**Your instructions:**
From the line containing "Some of the words" down to the last line of the records below, give every line again without any change.

**Dataset excerpts:**
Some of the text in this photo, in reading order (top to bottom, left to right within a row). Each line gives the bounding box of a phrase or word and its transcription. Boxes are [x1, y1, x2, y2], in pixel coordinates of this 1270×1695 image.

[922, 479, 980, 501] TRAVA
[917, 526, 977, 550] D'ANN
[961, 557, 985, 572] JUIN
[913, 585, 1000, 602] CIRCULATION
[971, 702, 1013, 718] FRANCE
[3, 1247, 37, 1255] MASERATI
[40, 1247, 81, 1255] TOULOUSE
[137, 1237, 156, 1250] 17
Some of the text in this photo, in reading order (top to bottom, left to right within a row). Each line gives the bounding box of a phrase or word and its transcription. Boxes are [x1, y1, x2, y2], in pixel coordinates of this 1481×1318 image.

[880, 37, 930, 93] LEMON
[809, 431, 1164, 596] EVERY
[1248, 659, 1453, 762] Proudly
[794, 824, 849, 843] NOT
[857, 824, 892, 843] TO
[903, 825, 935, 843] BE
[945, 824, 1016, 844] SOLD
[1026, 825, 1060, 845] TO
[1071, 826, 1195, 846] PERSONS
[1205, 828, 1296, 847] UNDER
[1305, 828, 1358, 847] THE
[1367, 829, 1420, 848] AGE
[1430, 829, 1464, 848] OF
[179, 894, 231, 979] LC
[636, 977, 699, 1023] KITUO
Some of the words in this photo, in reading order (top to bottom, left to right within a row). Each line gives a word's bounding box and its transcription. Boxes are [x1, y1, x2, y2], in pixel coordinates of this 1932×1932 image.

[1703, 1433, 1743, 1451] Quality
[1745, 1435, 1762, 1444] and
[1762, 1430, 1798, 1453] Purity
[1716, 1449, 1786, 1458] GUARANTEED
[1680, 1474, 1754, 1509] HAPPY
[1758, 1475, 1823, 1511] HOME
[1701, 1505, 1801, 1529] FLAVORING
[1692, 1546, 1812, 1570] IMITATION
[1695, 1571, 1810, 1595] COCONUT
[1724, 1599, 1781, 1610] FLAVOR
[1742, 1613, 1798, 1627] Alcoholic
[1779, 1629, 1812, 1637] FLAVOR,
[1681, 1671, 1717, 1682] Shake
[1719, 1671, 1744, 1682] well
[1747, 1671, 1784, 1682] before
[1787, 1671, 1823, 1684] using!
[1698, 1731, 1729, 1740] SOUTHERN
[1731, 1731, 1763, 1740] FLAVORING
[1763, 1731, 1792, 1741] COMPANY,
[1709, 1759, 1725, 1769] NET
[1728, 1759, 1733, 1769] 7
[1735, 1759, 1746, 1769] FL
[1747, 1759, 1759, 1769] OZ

**Exercise solution:**
Some of the words in this photo, in reading order (top to bottom, left to right within a row). Each line gives a word's bounding box and its transcription. Boxes are [x1, y1, x2, y2], in pixel coordinates of this 1932×1932 image.

[1703, 1433, 1743, 1451] Quality
[1745, 1435, 1762, 1444] and
[1762, 1430, 1798, 1453] Purity
[1716, 1449, 1786, 1458] GUARANTEED
[1680, 1474, 1754, 1509] HAPPY
[1758, 1475, 1823, 1511] HOME
[1701, 1505, 1801, 1529] FLAVORING
[1692, 1546, 1812, 1570] IMITATION
[1695, 1571, 1810, 1595] COCONUT
[1724, 1599, 1781, 1610] FLAVOR
[1742, 1613, 1798, 1627] Alcoholic
[1779, 1629, 1812, 1637] FLAVOR,
[1681, 1671, 1717, 1682] Shake
[1719, 1671, 1744, 1682] well
[1747, 1671, 1784, 1682] before
[1787, 1671, 1823, 1684] using!
[1698, 1731, 1729, 1740] SOUTHERN
[1731, 1731, 1763, 1740] FLAVORING
[1763, 1731, 1792, 1741] COMPANY,
[1709, 1759, 1725, 1769] NET
[1728, 1759, 1733, 1769] 7
[1735, 1759, 1746, 1769] FL
[1747, 1759, 1759, 1769] OZ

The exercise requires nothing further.